# GIVEN RECORDS:

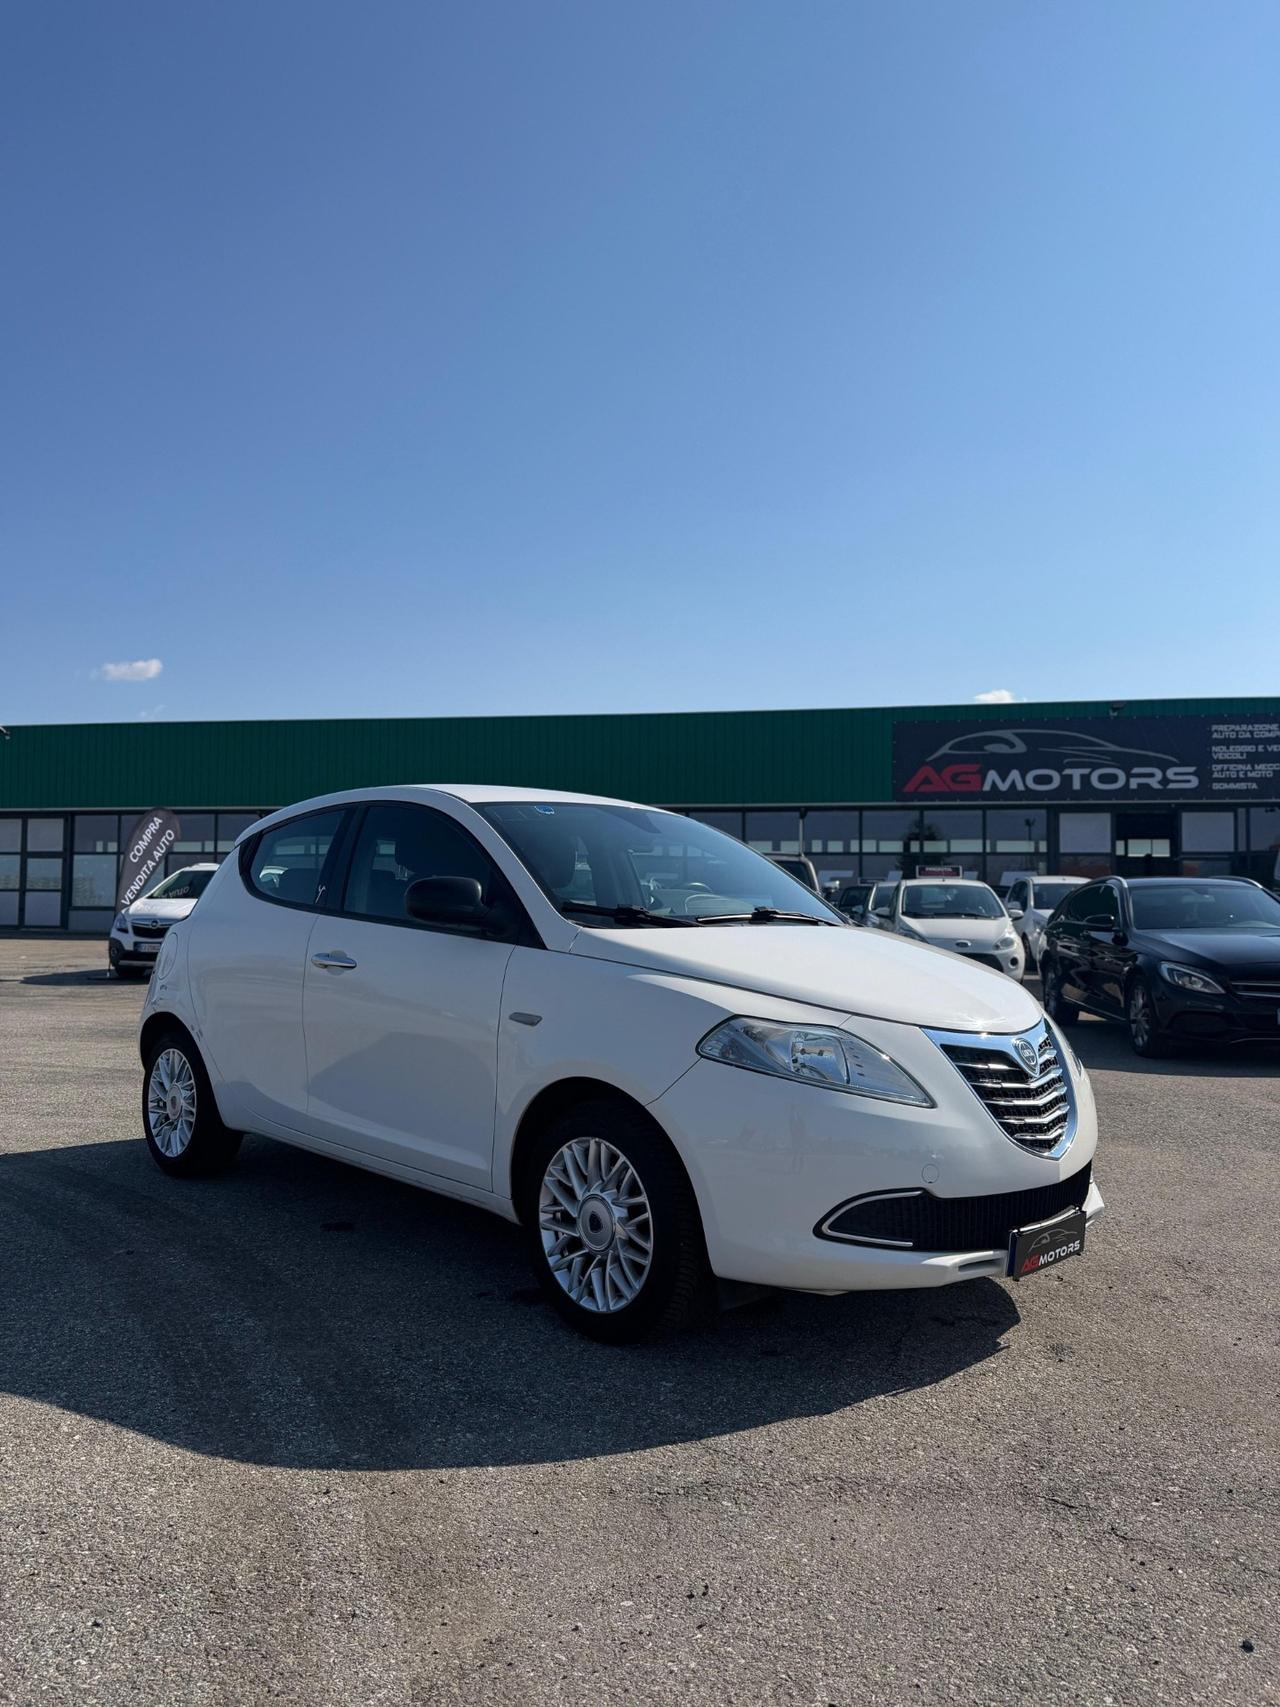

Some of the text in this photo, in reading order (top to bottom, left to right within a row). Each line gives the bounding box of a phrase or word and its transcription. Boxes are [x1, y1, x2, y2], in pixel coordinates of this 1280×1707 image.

[903, 764, 1199, 792] AGMOTORS
[129, 816, 164, 864] COMPRA
[121, 829, 175, 906] VENDITA AUTO
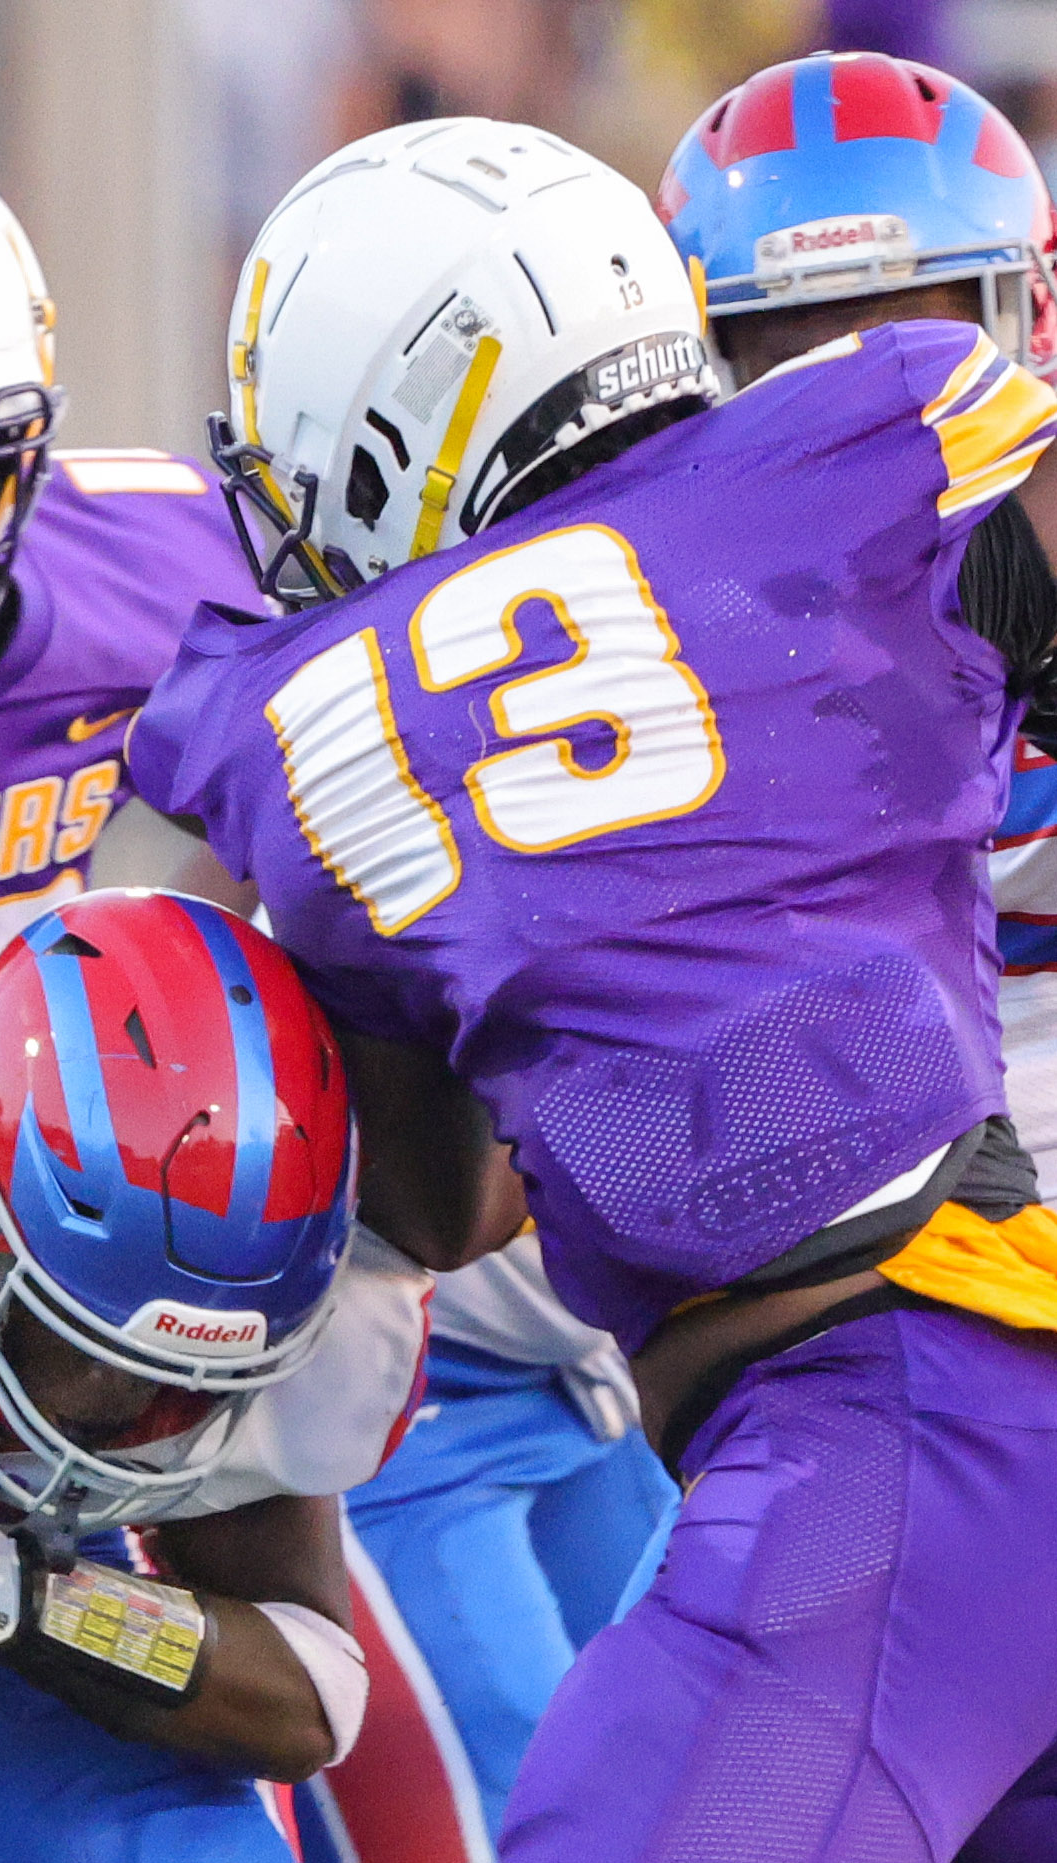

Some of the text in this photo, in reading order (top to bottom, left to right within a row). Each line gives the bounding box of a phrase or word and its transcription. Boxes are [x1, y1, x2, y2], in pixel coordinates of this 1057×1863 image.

[792, 221, 876, 252] Riddell
[618, 279, 645, 311] 13
[597, 335, 698, 401] schutt
[264, 521, 727, 938] 13
[155, 1312, 259, 1343] Riddell
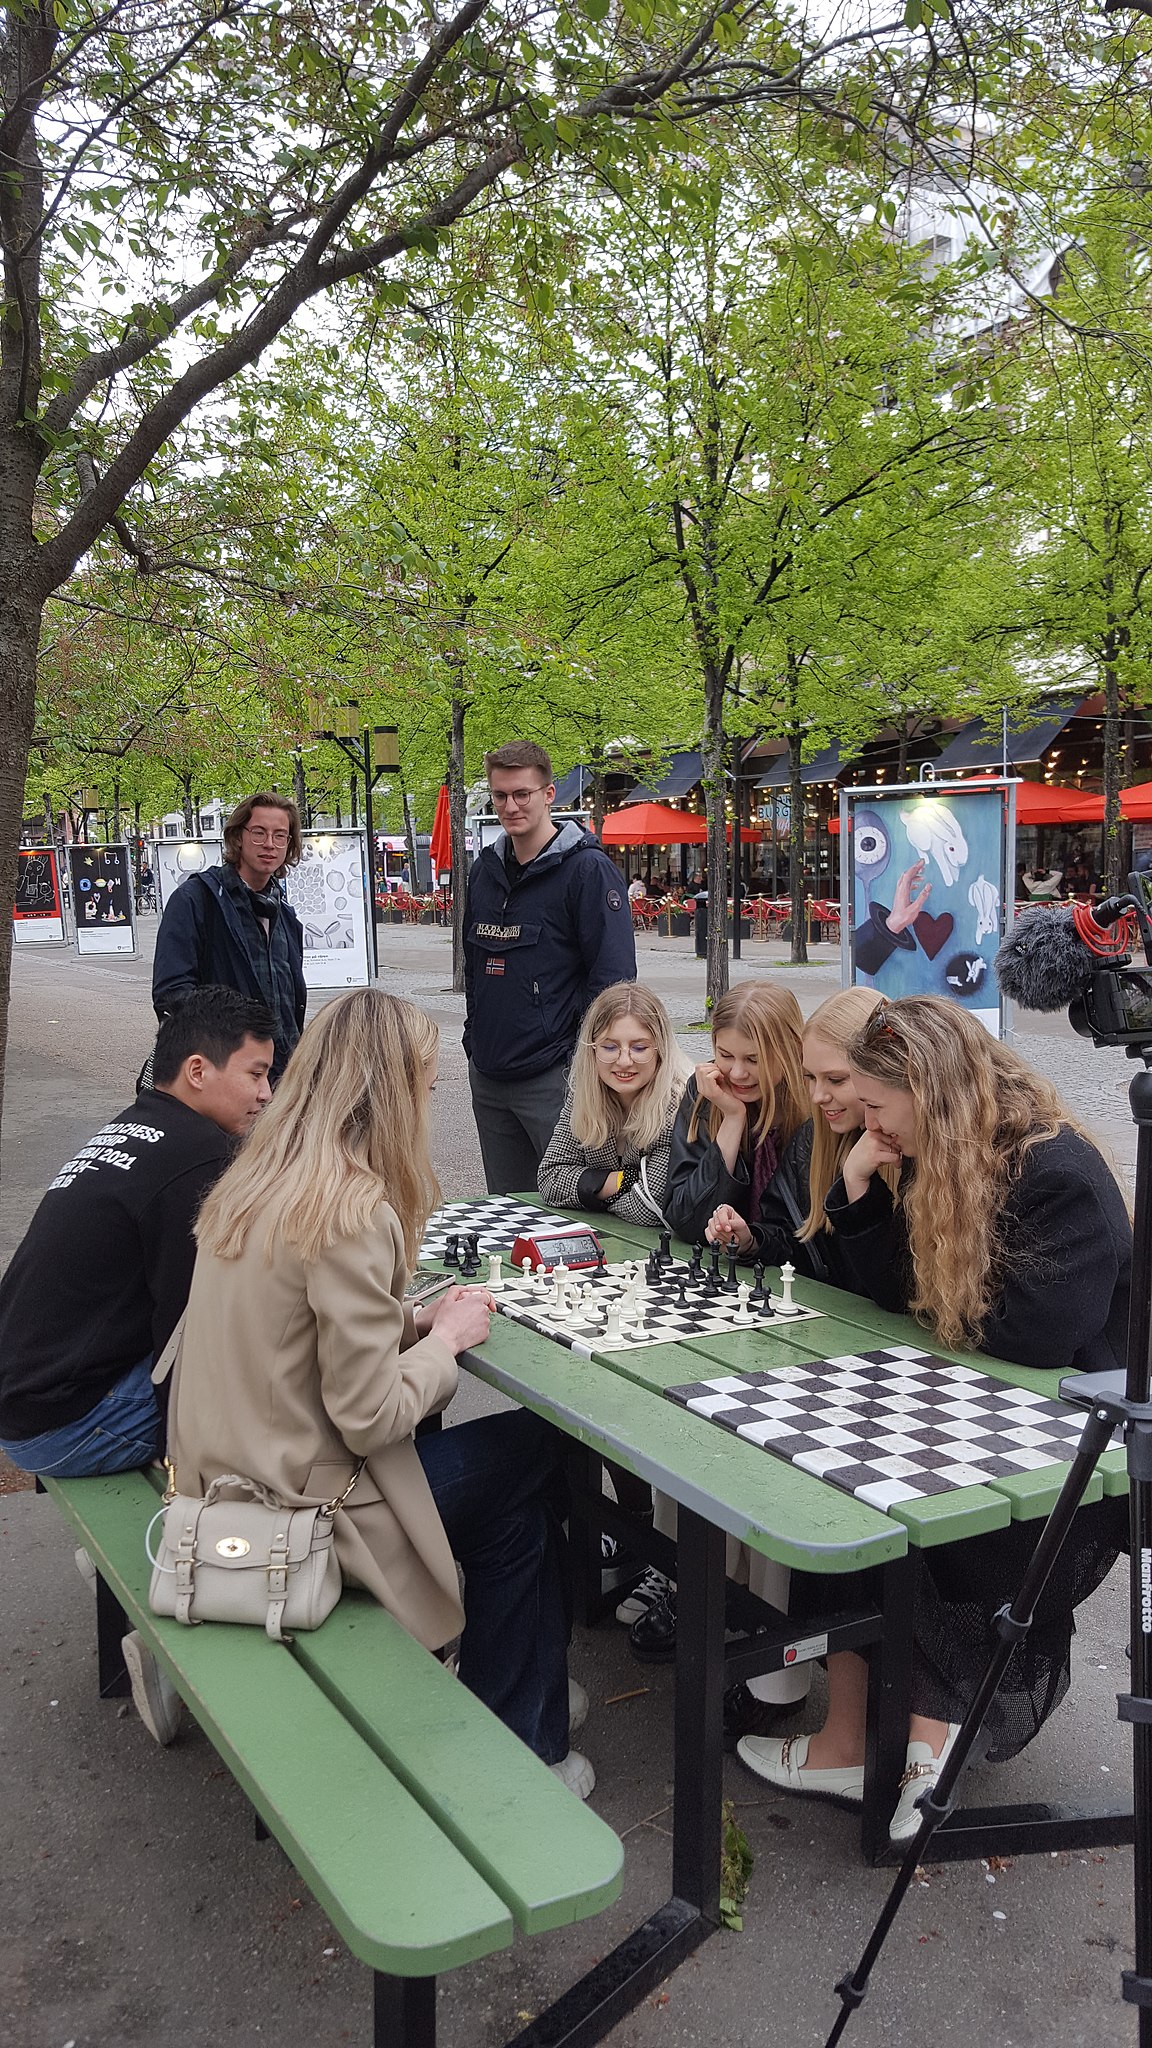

# REQUIREMENT:
Leave the pictures out and copy the rest of the data exactly.

# YOUR SOLUTION:
Some of the text in this photo, in reading order (top to bottom, left to right within a row). Each line gives the bounding box of a phrase or word and its transcription. Boxes are [x1, y1, x2, y2], in pixel coordinates of this 1280×1707 image.

[903, 764, 1199, 792] AGMOTORS
[129, 816, 164, 864] COMPRA
[121, 829, 175, 906] VENDITA AUTO

Some of the text in this photo, in reading order (top to bottom, left to right within a row). Each line gives the bounding box of a phrase or word and its transcription. Boxes are [x1, y1, x2, y2], in pixel coordinates of this 1057×1863 image.

[792, 221, 876, 252] Riddell
[618, 279, 645, 311] 13
[597, 335, 698, 401] schutt
[264, 521, 727, 938] 13
[155, 1312, 259, 1343] Riddell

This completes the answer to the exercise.